Task statement | Transcribe the listing below word for word but skip its images.

Record excerpts |
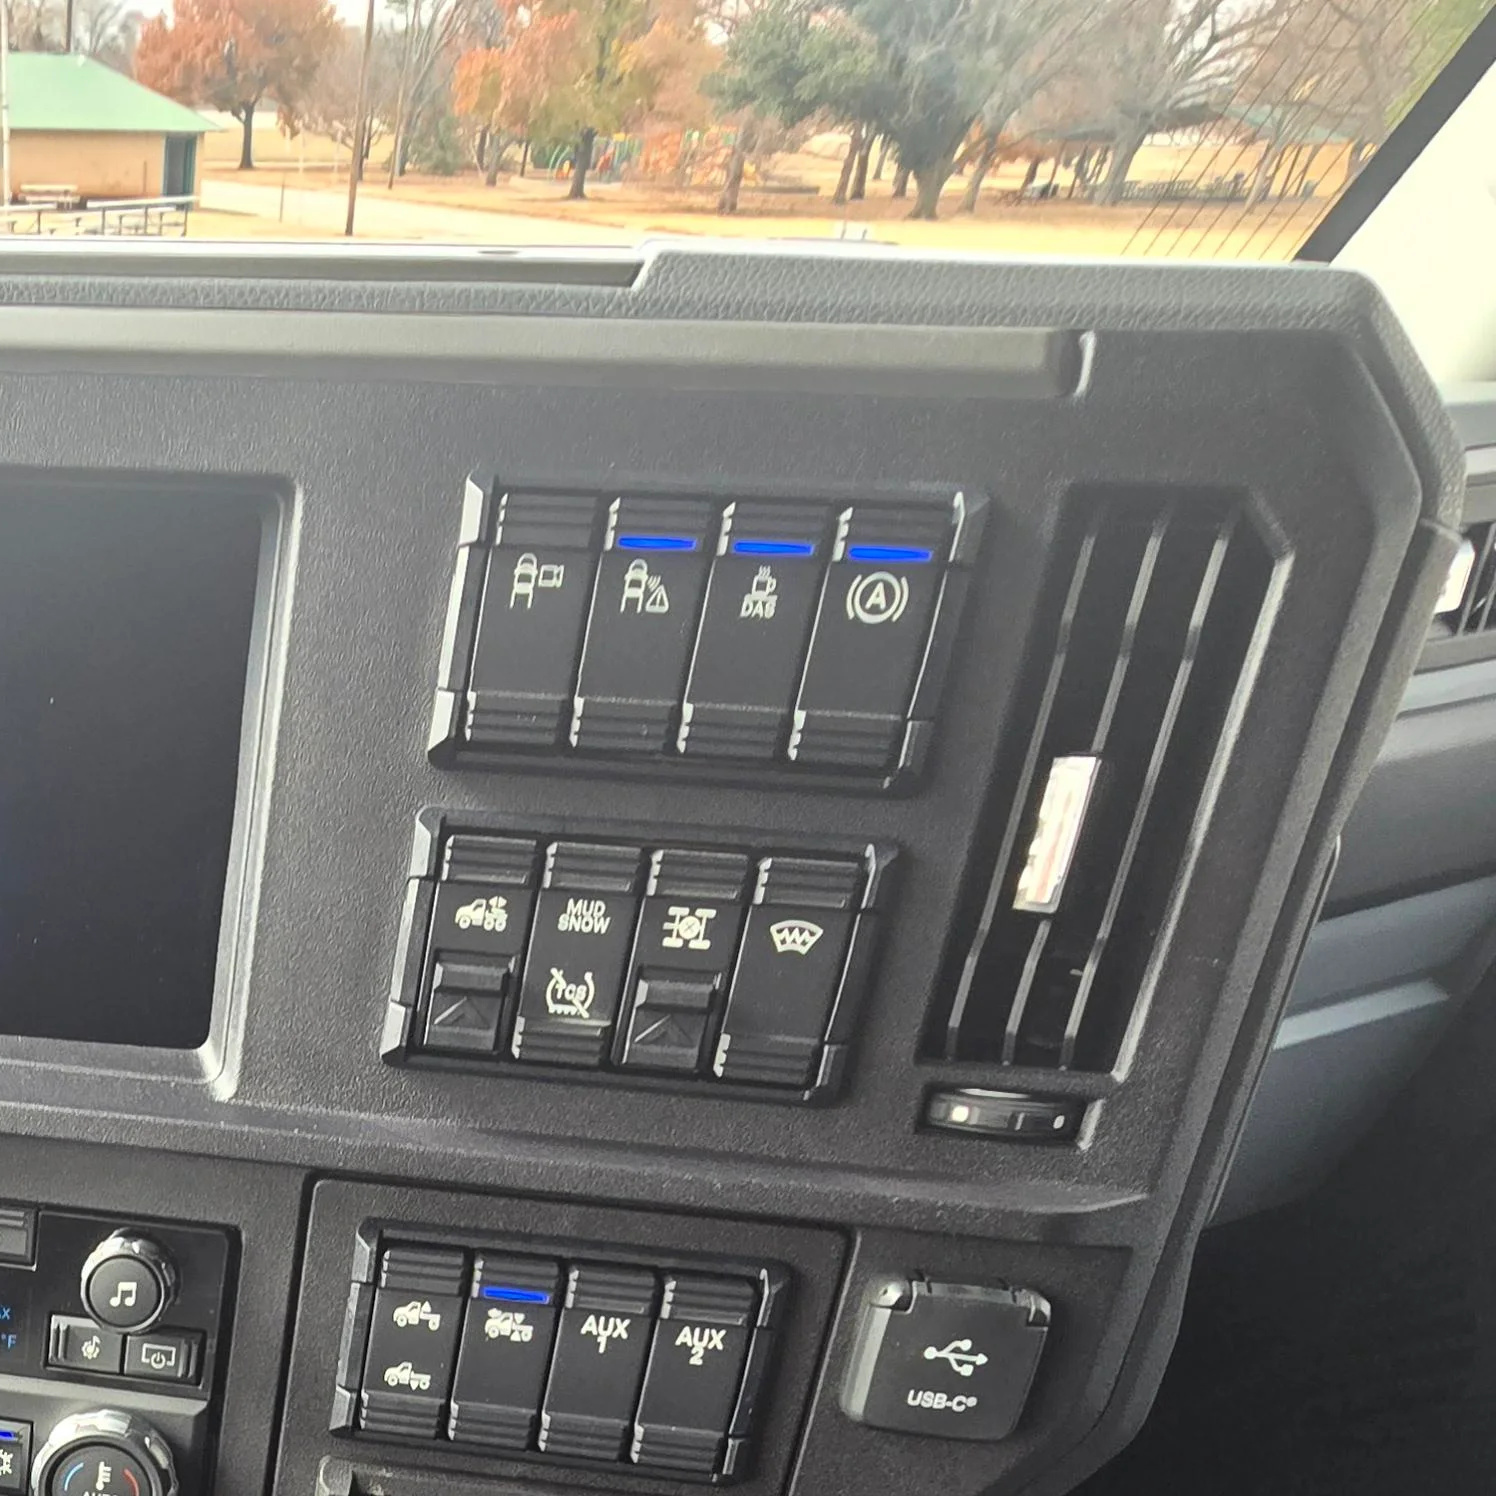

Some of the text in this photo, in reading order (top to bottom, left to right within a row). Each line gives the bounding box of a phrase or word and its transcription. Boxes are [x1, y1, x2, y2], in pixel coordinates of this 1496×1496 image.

[566, 898, 606, 917] MUD
[558, 913, 611, 934] SNOW
[580, 1314, 631, 1339] AUX
[596, 1336, 607, 1354] 1
[675, 1325, 727, 1350] AUX
[689, 1346, 705, 1366] 2
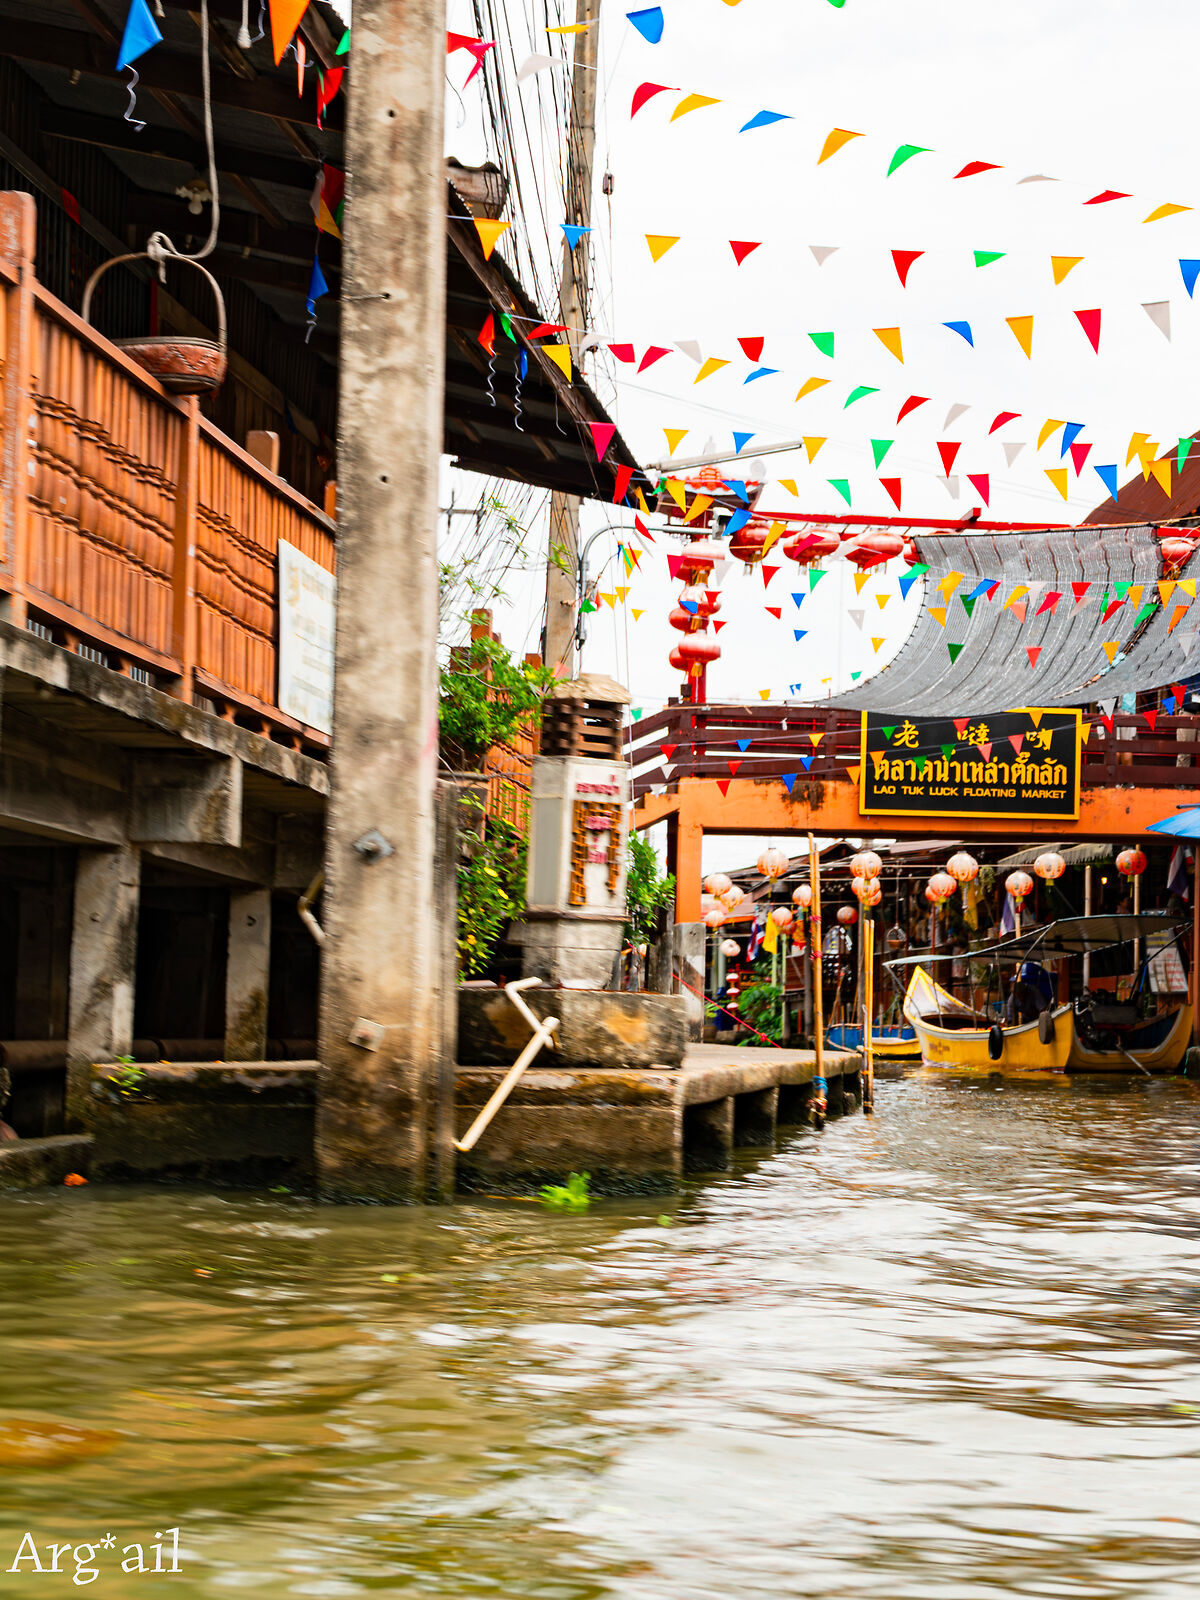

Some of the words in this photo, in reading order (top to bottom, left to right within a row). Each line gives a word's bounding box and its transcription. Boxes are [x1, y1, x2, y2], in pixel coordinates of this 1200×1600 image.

[873, 785, 896, 795] LAO
[901, 786, 925, 796] TUK
[929, 786, 959, 797] LUCK
[963, 787, 1016, 798] FLOATING
[1022, 789, 1067, 799] MARKET
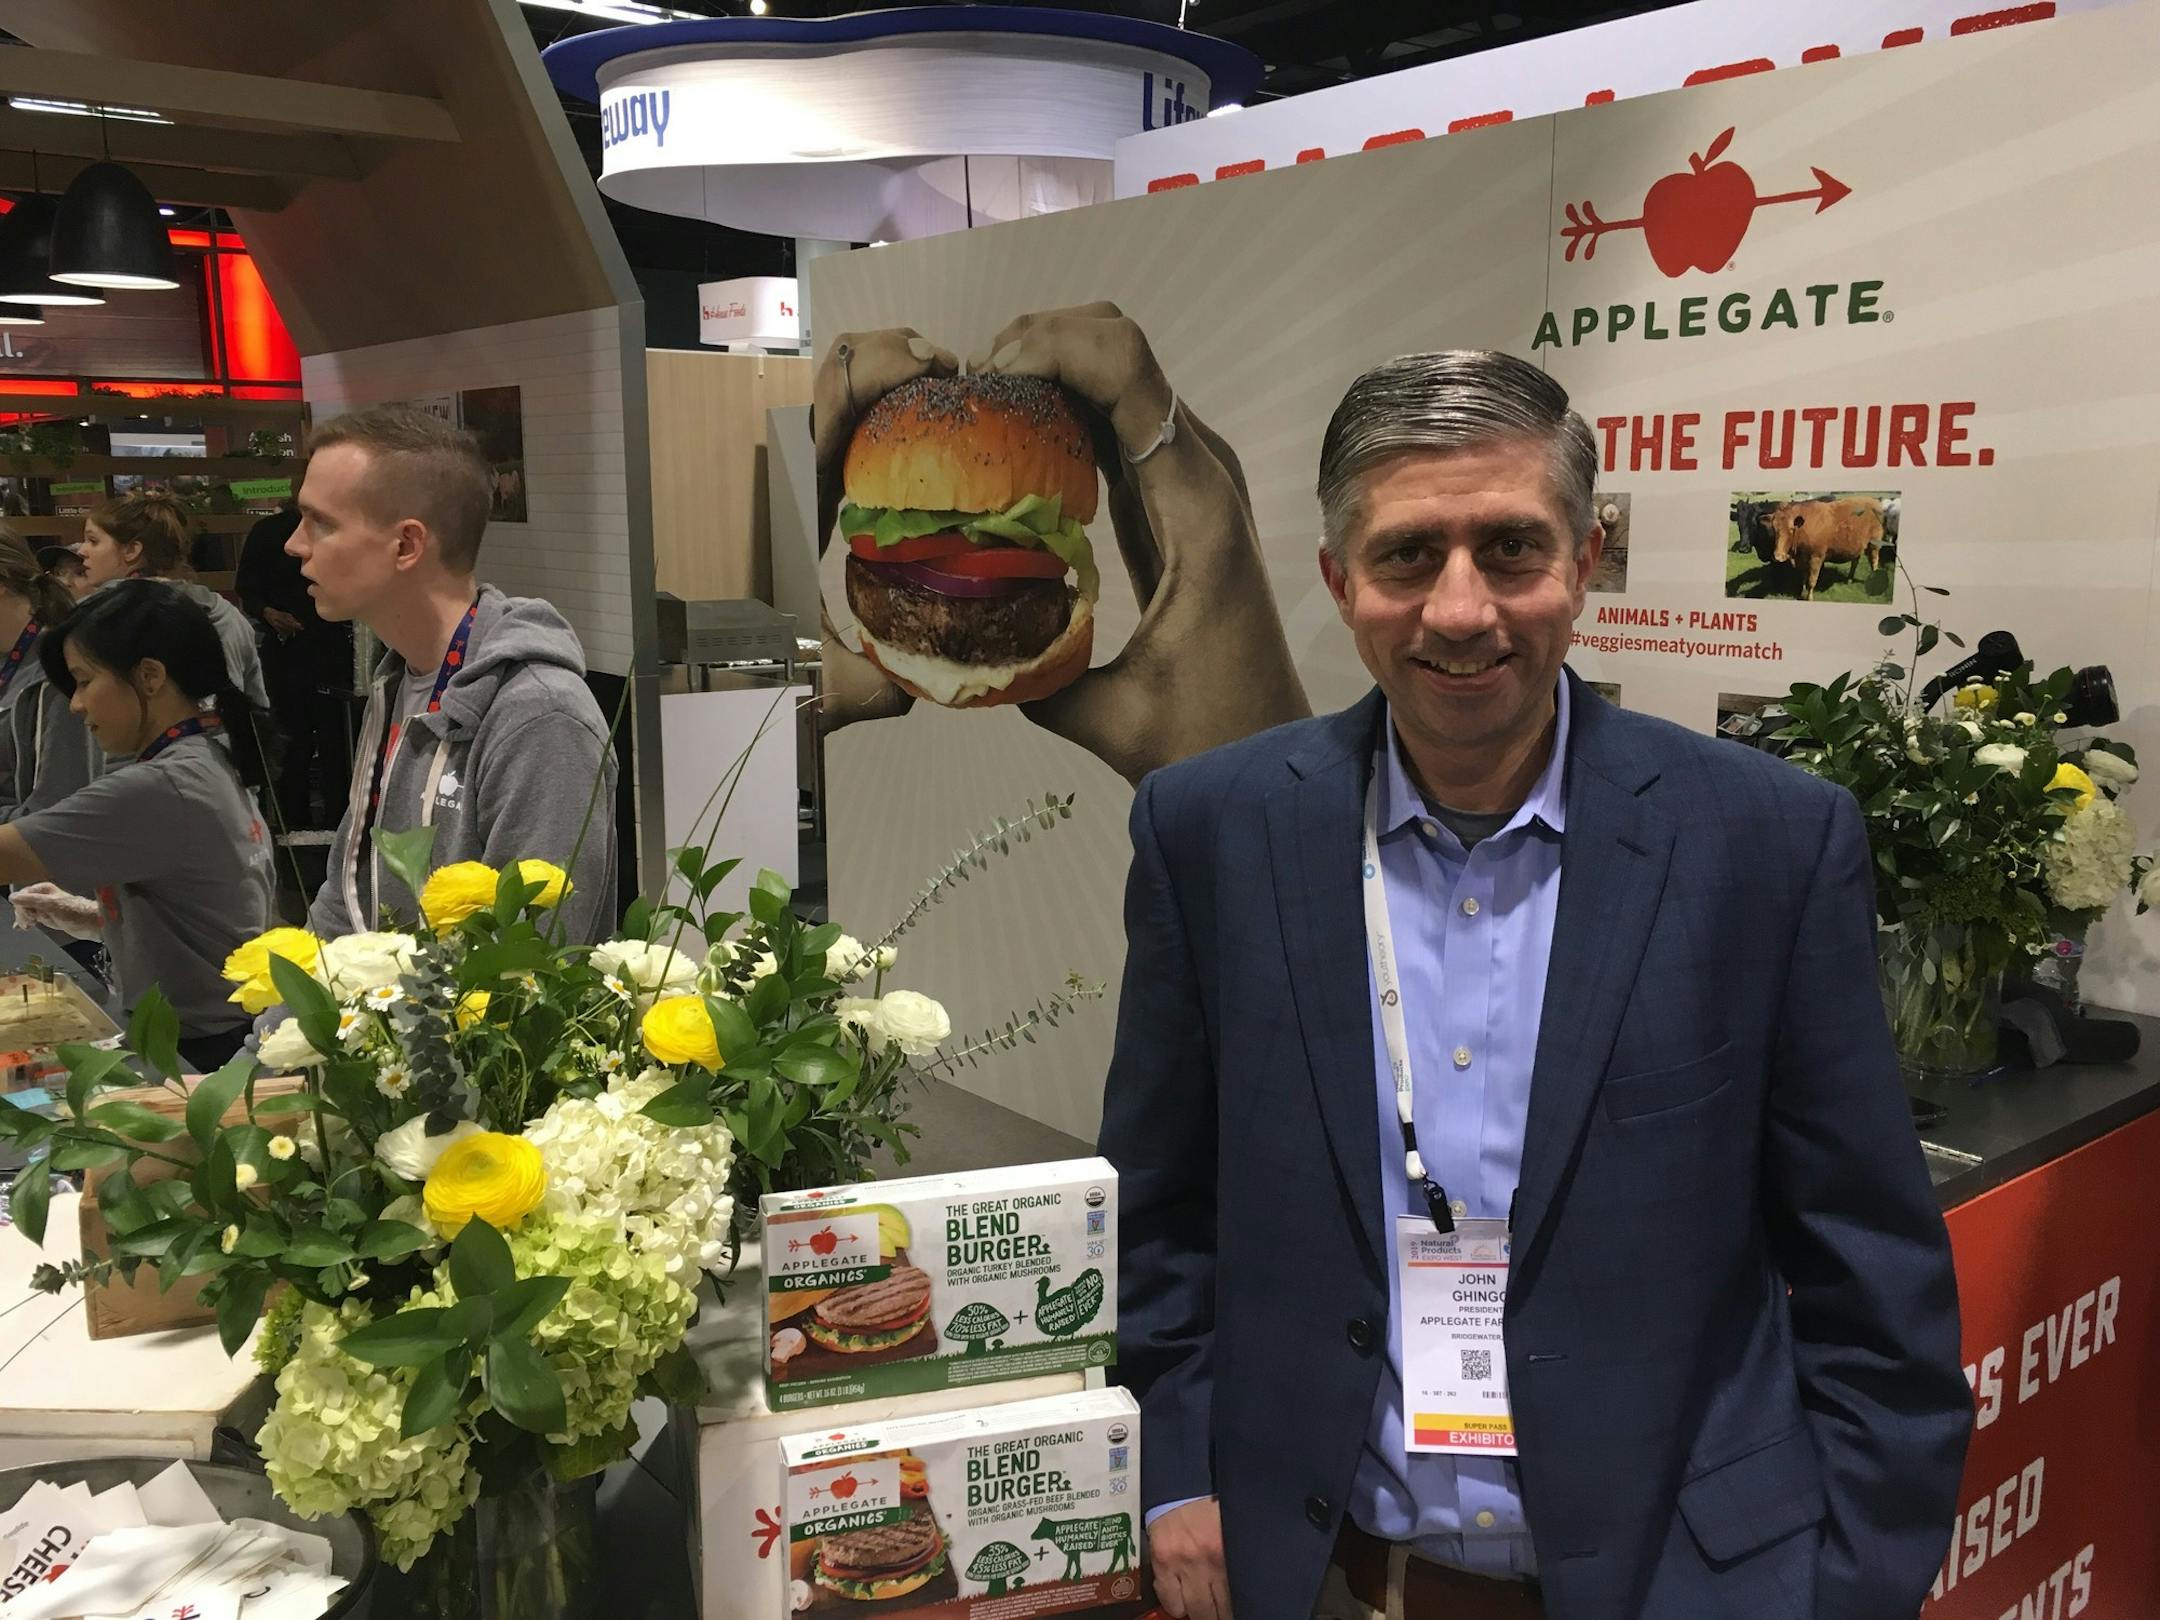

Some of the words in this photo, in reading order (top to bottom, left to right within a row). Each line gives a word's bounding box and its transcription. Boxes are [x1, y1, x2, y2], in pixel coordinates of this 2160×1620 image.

[1597, 413, 1701, 472] THE
[1722, 402, 1995, 470] FUTURE.
[1597, 607, 1669, 627] ANIMALS
[1689, 611, 1757, 632] PLANTS
[1571, 630, 1783, 661] #veggiesmeatyourmatch
[946, 1204, 968, 1217] THE
[973, 1200, 1008, 1214] GREAT
[1013, 1193, 1062, 1210] ORGANIC
[946, 1212, 1020, 1242] BLEND
[782, 1254, 868, 1271] APPLEGATE
[947, 1265, 982, 1278] ORGANIC
[983, 1261, 1013, 1272] TURKEY
[1015, 1256, 1052, 1268] BLENDED
[783, 1269, 866, 1289] ORGANICS
[947, 1275, 970, 1287] WITH
[972, 1271, 1007, 1284] ORGANIC
[1010, 1264, 1061, 1279] MUSHROOMS
[1085, 1273, 1099, 1290] NO
[1458, 1274, 1496, 1284] JOHN
[967, 1304, 989, 1317] 50%
[1038, 1293, 1073, 1318] APPLEGATE
[1040, 1303, 1074, 1325] HUMANELY
[950, 1321, 970, 1334] 70%
[970, 1323, 987, 1334] LESS
[987, 1319, 1002, 1330] FAT
[955, 1315, 971, 1324] LESS
[1420, 1316, 1482, 1326] APPLEGATE
[1963, 1346, 2005, 1430] S
[2018, 1276, 2121, 1404] EVER
[1464, 1422, 1487, 1430] SUPER
[967, 1445, 989, 1459] THE
[994, 1438, 1030, 1454] GREAT
[1034, 1431, 1084, 1446] ORGANIC
[1449, 1431, 1515, 1445] EXHIBITO
[967, 1450, 1041, 1483] BLEND
[802, 1496, 888, 1519] APPLEGATE
[967, 1505, 1000, 1518] ORGANIC
[1002, 1497, 1044, 1512] GRASS-FED
[1045, 1493, 1065, 1504] BEEF
[1066, 1489, 1101, 1502] BLENDED
[803, 1511, 886, 1535] ORGANICS
[968, 1515, 989, 1528] WITH
[991, 1510, 1024, 1523] ORGANIC
[1026, 1502, 1076, 1516] MUSHROOMS
[1055, 1521, 1099, 1535] APPLEGATE
[1055, 1531, 1099, 1544] HUMANELY
[976, 1555, 993, 1565] LESS
[988, 1544, 1009, 1557] 35%
[991, 1561, 1007, 1573] LESS
[1007, 1556, 1023, 1569] FAT

Your solution |
Some of the text in this photo, in reading order (top to bottom, left to right within a row). Each line gives the bounding box of a phrase or word and its transcription. Boxes are [x1, y1, x2, y2], in pixel coordinates of this 1496×1496 image.

[566, 898, 606, 917] MUD
[558, 913, 611, 934] SNOW
[580, 1314, 631, 1339] AUX
[596, 1336, 607, 1354] 1
[675, 1325, 727, 1350] AUX
[689, 1346, 705, 1366] 2

Some of the words in this photo, in reading order (top to bottom, left to right within a row). Each line gives a word's bounding box and its transcription. Boxes are [x1, y1, x2, y2], in pixel coordinates of this 1200×1600 image.

[873, 785, 896, 795] LAO
[901, 786, 925, 796] TUK
[929, 786, 959, 797] LUCK
[963, 787, 1016, 798] FLOATING
[1022, 789, 1067, 799] MARKET

Some of the words in this photo, in reading order (top to bottom, left to right within a row). Each line gives a word's bounding box and its transcription. Boxes are [x1, y1, x2, y2], in pixel coordinates of this 2160×1620 image.

[1597, 413, 1701, 472] THE
[1722, 402, 1995, 470] FUTURE.
[1597, 607, 1669, 627] ANIMALS
[1689, 611, 1757, 632] PLANTS
[1571, 630, 1783, 661] #veggiesmeatyourmatch
[946, 1204, 968, 1217] THE
[973, 1200, 1008, 1214] GREAT
[1013, 1193, 1062, 1210] ORGANIC
[946, 1212, 1020, 1242] BLEND
[782, 1254, 868, 1271] APPLEGATE
[947, 1265, 982, 1278] ORGANIC
[983, 1261, 1013, 1272] TURKEY
[1015, 1256, 1052, 1268] BLENDED
[783, 1269, 866, 1289] ORGANICS
[947, 1275, 970, 1287] WITH
[972, 1271, 1007, 1284] ORGANIC
[1010, 1264, 1061, 1279] MUSHROOMS
[1085, 1273, 1099, 1290] NO
[1458, 1274, 1496, 1284] JOHN
[967, 1304, 989, 1317] 50%
[1038, 1293, 1073, 1318] APPLEGATE
[1040, 1303, 1074, 1325] HUMANELY
[950, 1321, 970, 1334] 70%
[970, 1323, 987, 1334] LESS
[987, 1319, 1002, 1330] FAT
[955, 1315, 971, 1324] LESS
[1420, 1316, 1482, 1326] APPLEGATE
[1963, 1346, 2005, 1430] S
[2018, 1276, 2121, 1404] EVER
[1464, 1422, 1487, 1430] SUPER
[967, 1445, 989, 1459] THE
[994, 1438, 1030, 1454] GREAT
[1034, 1431, 1084, 1446] ORGANIC
[1449, 1431, 1515, 1445] EXHIBITO
[967, 1450, 1041, 1483] BLEND
[802, 1496, 888, 1519] APPLEGATE
[967, 1505, 1000, 1518] ORGANIC
[1002, 1497, 1044, 1512] GRASS-FED
[1045, 1493, 1065, 1504] BEEF
[1066, 1489, 1101, 1502] BLENDED
[803, 1511, 886, 1535] ORGANICS
[968, 1515, 989, 1528] WITH
[991, 1510, 1024, 1523] ORGANIC
[1026, 1502, 1076, 1516] MUSHROOMS
[1055, 1521, 1099, 1535] APPLEGATE
[1055, 1531, 1099, 1544] HUMANELY
[976, 1555, 993, 1565] LESS
[988, 1544, 1009, 1557] 35%
[991, 1561, 1007, 1573] LESS
[1007, 1556, 1023, 1569] FAT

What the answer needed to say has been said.